──────── Material for this exercise
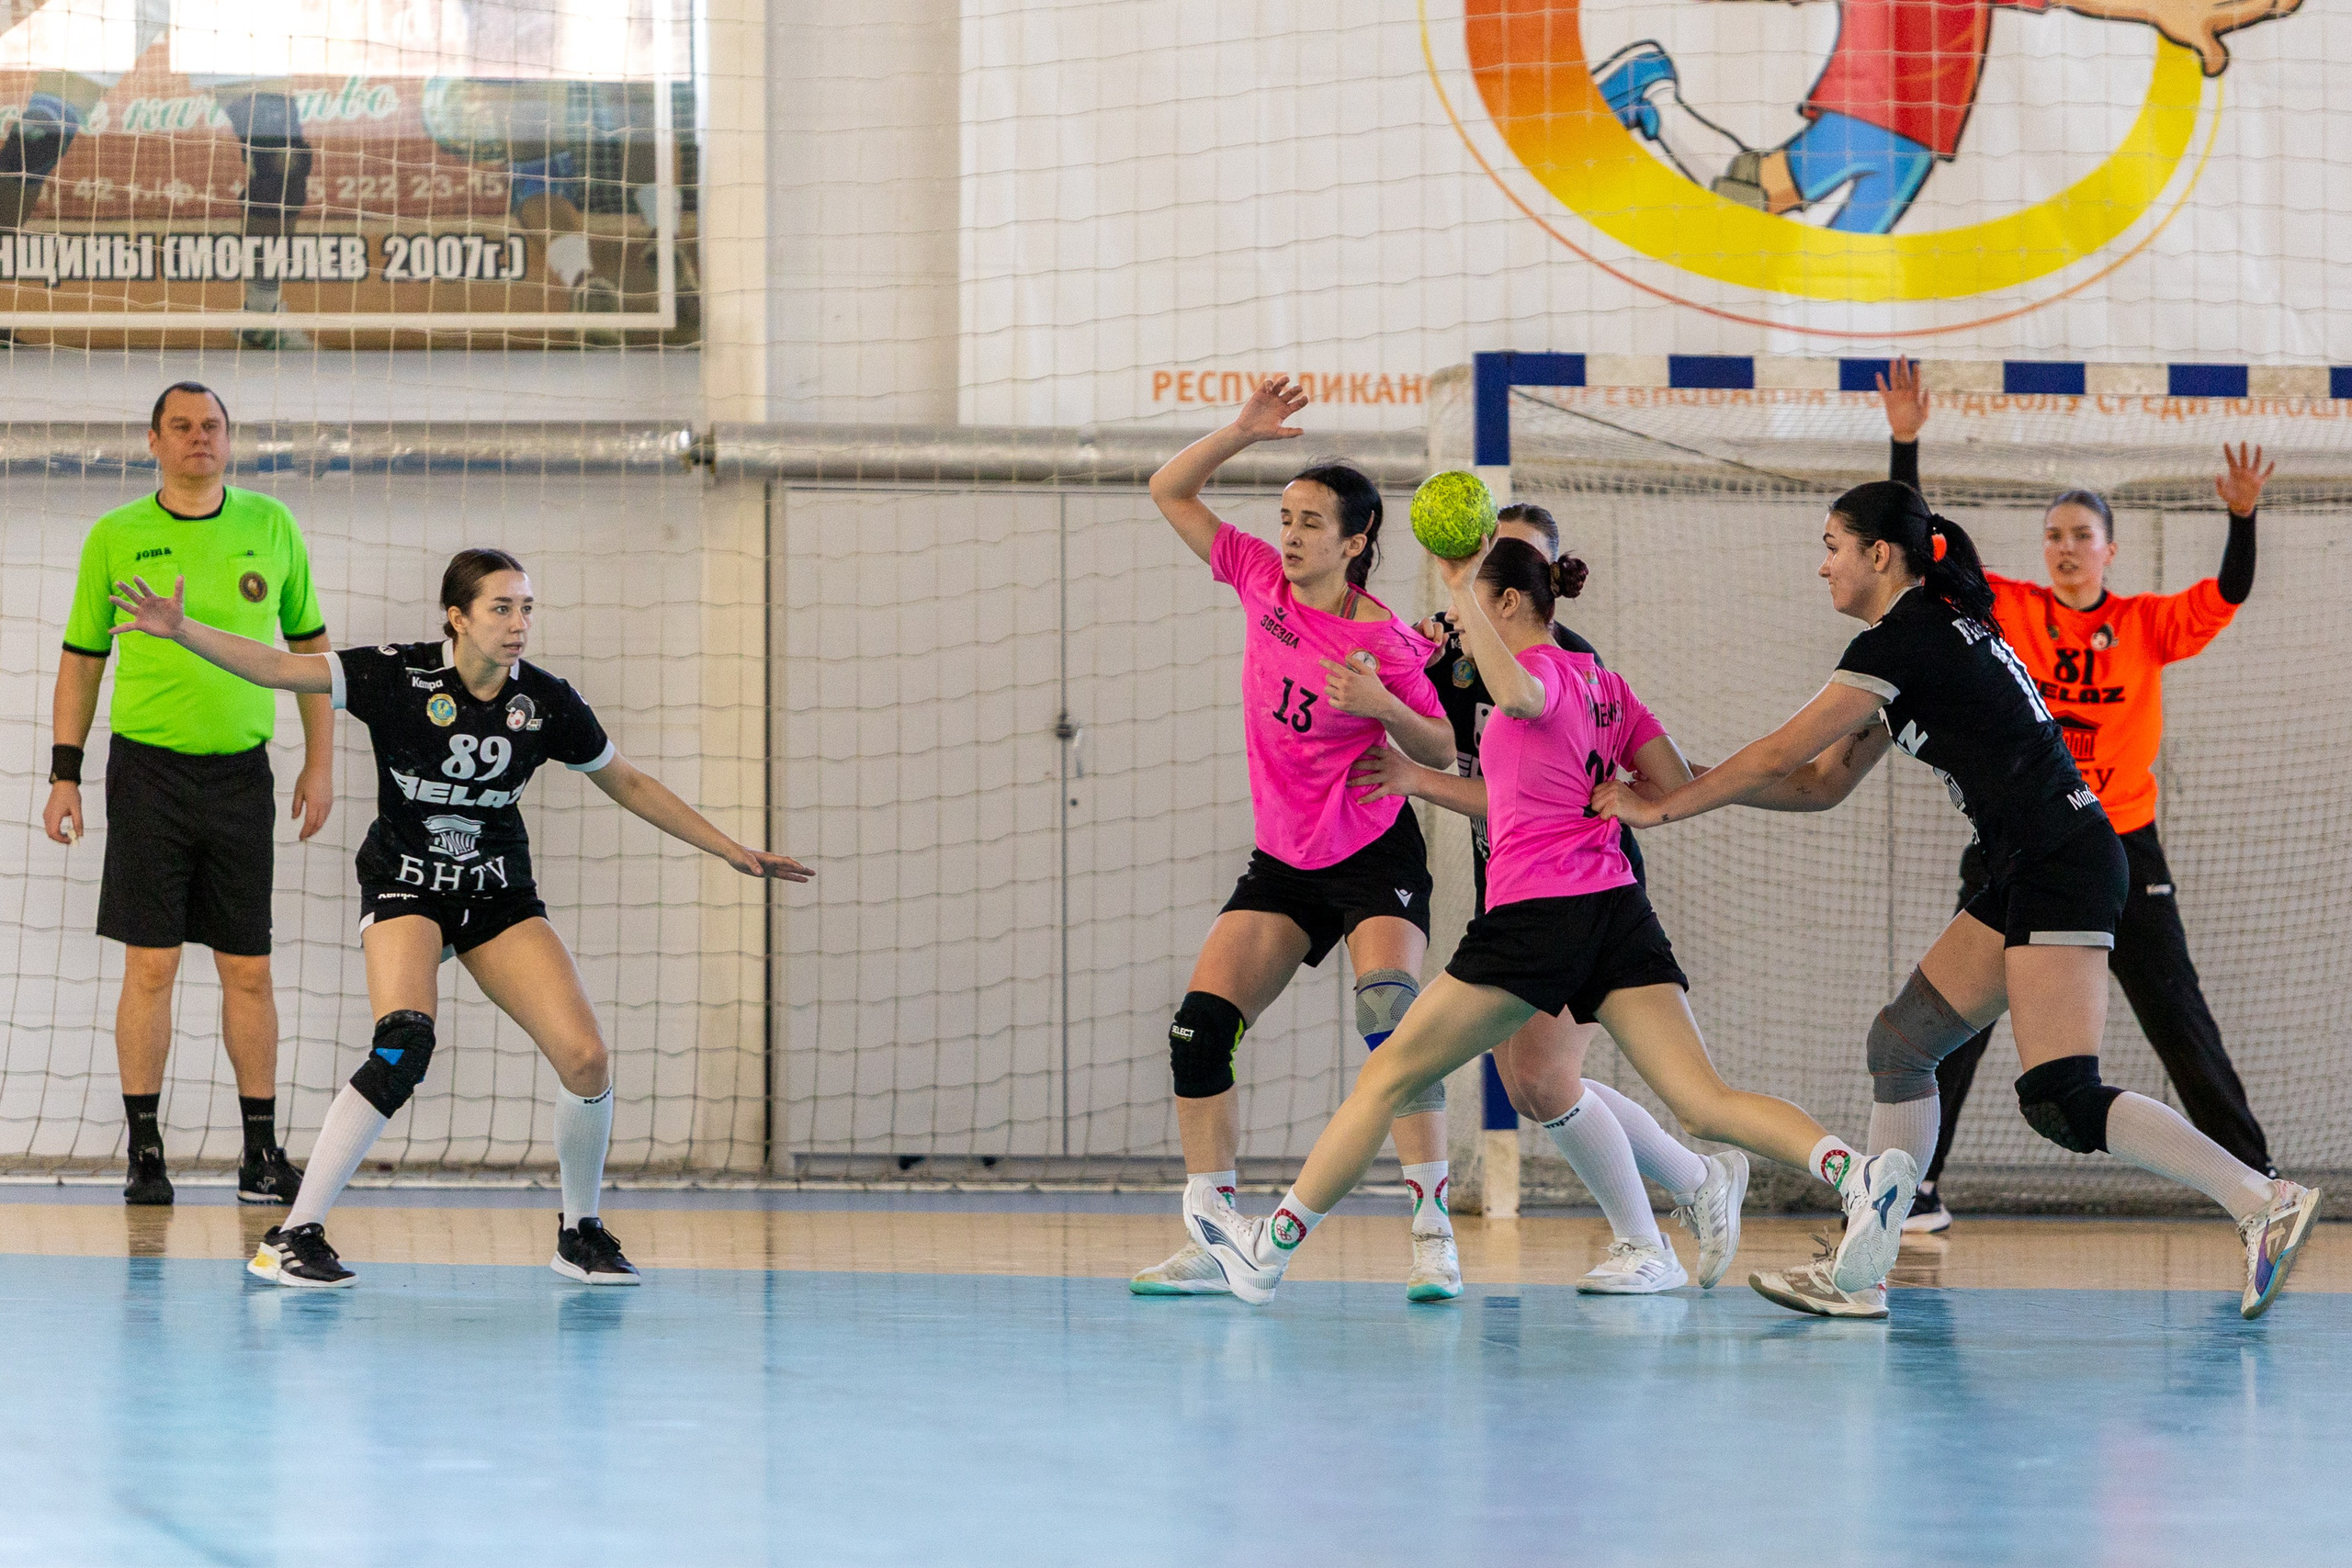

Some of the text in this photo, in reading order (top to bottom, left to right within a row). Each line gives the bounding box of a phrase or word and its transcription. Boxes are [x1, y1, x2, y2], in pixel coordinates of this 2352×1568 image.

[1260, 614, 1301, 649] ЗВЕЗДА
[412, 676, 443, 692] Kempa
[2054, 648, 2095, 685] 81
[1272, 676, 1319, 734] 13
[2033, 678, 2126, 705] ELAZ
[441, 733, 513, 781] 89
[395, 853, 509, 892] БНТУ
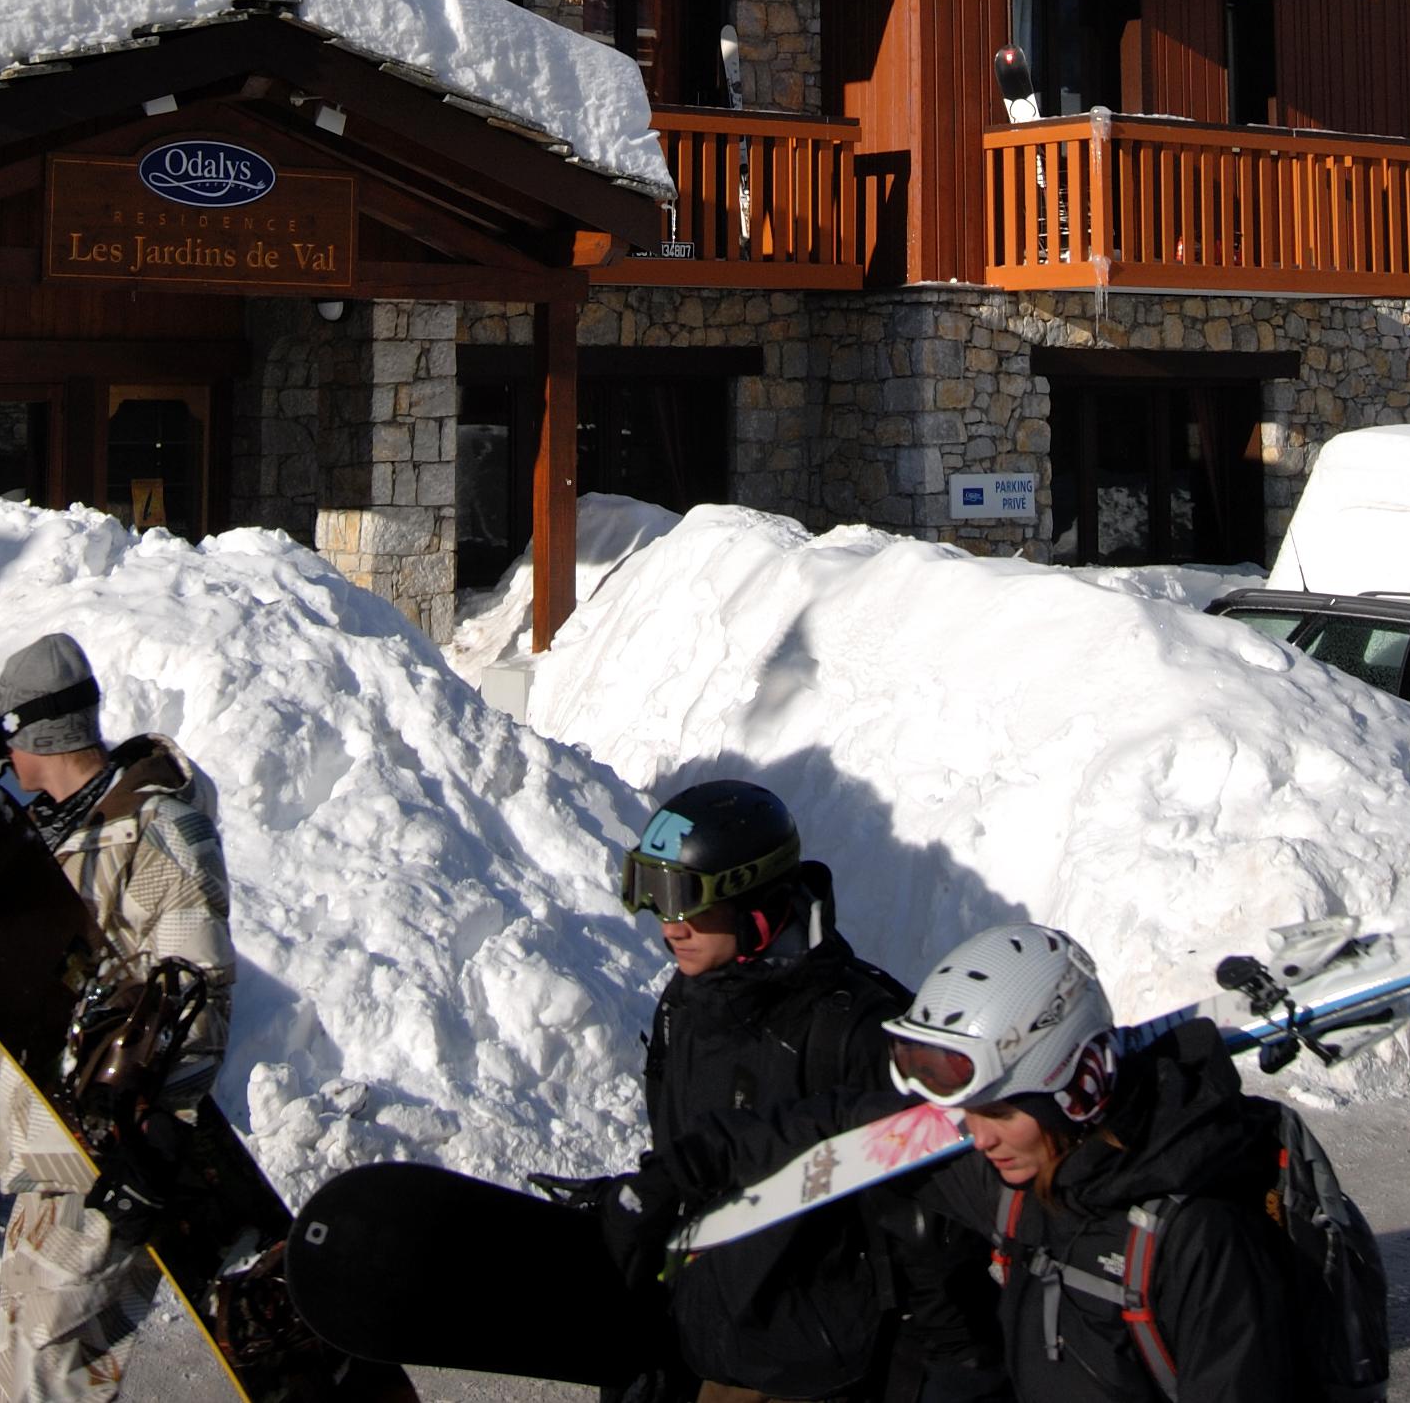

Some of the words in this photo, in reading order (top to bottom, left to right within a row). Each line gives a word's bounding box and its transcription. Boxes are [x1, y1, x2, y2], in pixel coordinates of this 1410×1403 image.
────────────────
● **Task to carry out**:
Leaving pictures aside, write out each record above exactly as given.

● **Result of this task**:
Some of the text in this photo, in reading order (top to bottom, left to right within a row). Each line gives the bounding box of a phrase or word and its transcription. Boxes are [x1, y1, x2, y2], in pixel coordinates of this 2352×1568 image.

[1260, 614, 1301, 649] ЗВЕЗДА
[412, 676, 443, 692] Kempa
[2054, 648, 2095, 685] 81
[1272, 676, 1319, 734] 13
[2033, 678, 2126, 705] ELAZ
[441, 733, 513, 781] 89
[395, 853, 509, 892] БНТУ

Some of the words in this photo, in reading order (top to bottom, left to right within a row). Each line gives a word's bounding box and its transcription. Boxes are [x1, y1, x2, y2], in pixel coordinates of this 1410×1403 image.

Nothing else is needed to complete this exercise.